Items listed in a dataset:
"""

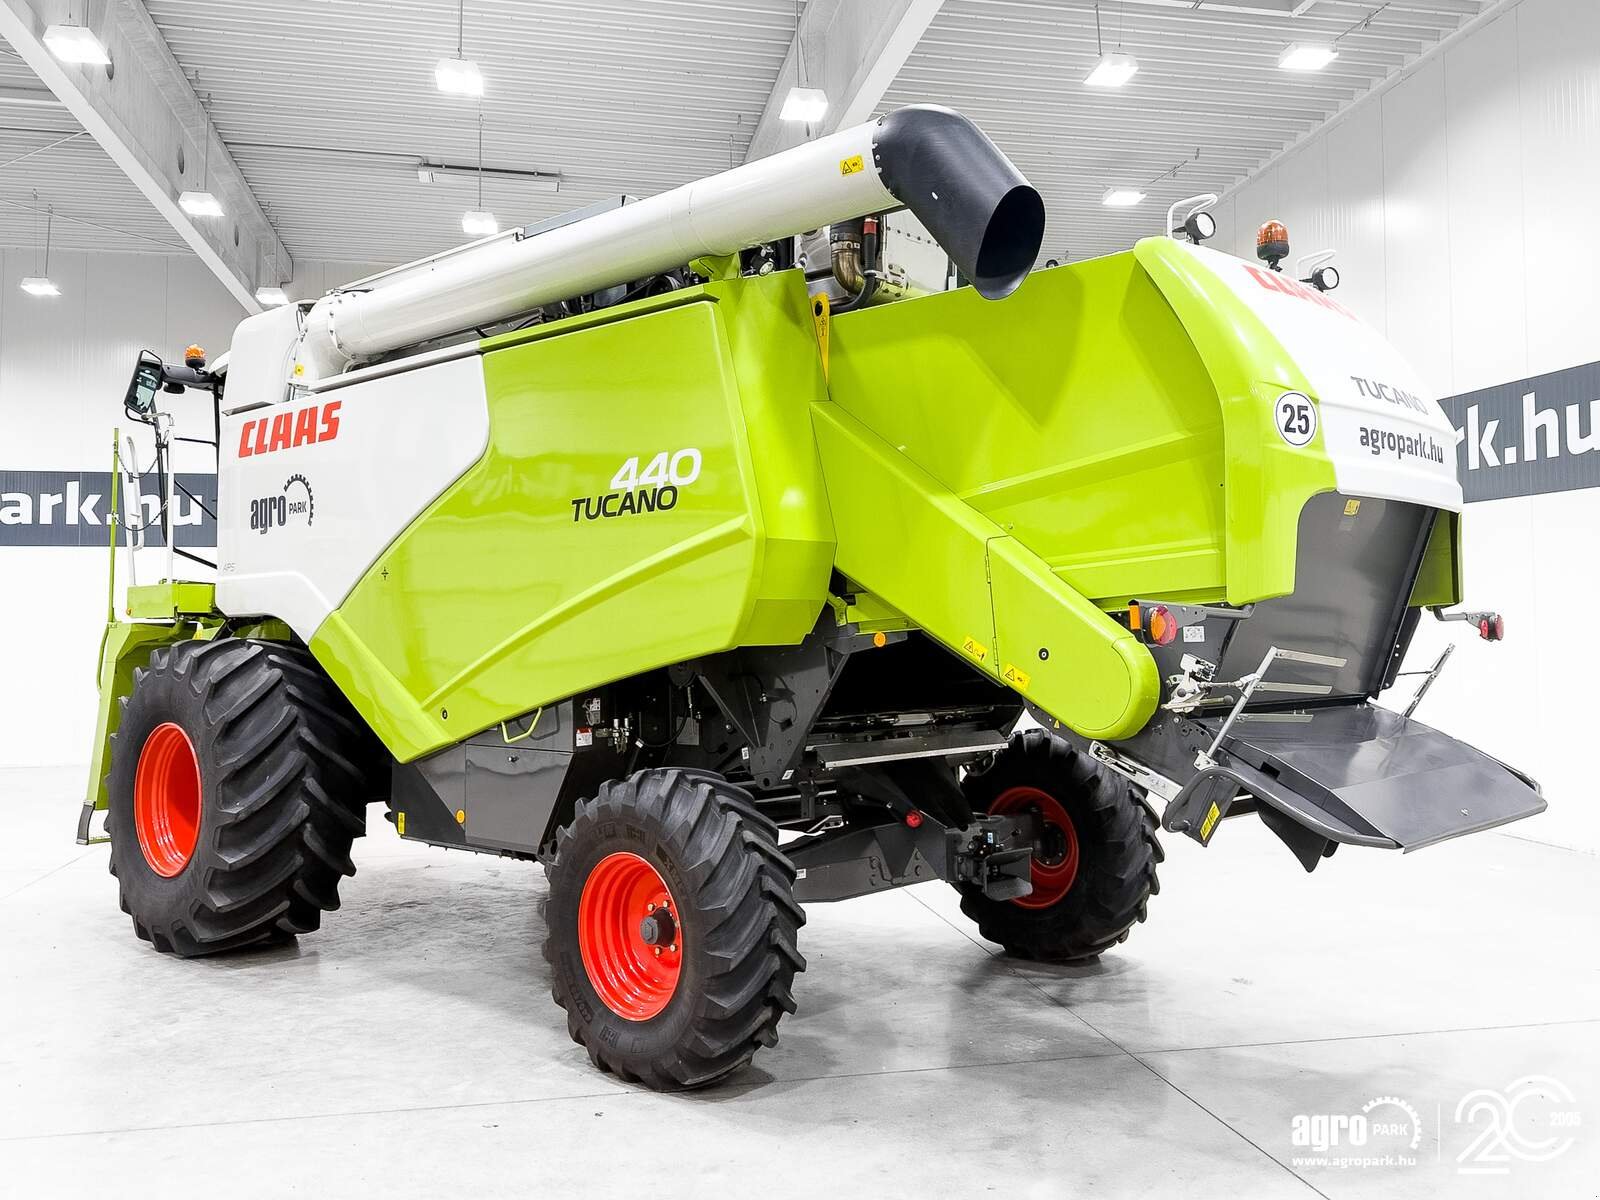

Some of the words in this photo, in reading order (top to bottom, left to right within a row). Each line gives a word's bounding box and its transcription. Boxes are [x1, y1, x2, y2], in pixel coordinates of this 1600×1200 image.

[1350, 376, 1429, 415] TUCANO
[238, 401, 342, 458] CLAAS
[1282, 404, 1310, 434] 25
[1359, 426, 1444, 465] agropark.hu
[609, 448, 703, 494] 440
[250, 495, 287, 535] agro
[288, 501, 308, 515] PARK
[571, 485, 678, 522] TUCANO

"""

*Directions*:
Return the entries unchanged, save for the pictures, which do not belong in the copy.

*Solution below*:
Some of the words in this photo, in reading order (top to bottom, left to right within a row). Each line gives a word's bounding box and its transcription. Boxes are [x1, y1, x2, y2], in pixel coordinates of this 1600×1200 image.

[1350, 376, 1429, 415] TUCANO
[238, 401, 342, 458] CLAAS
[1282, 404, 1310, 434] 25
[1359, 426, 1444, 465] agropark.hu
[609, 448, 703, 494] 440
[250, 495, 287, 535] agro
[288, 501, 308, 515] PARK
[571, 485, 678, 522] TUCANO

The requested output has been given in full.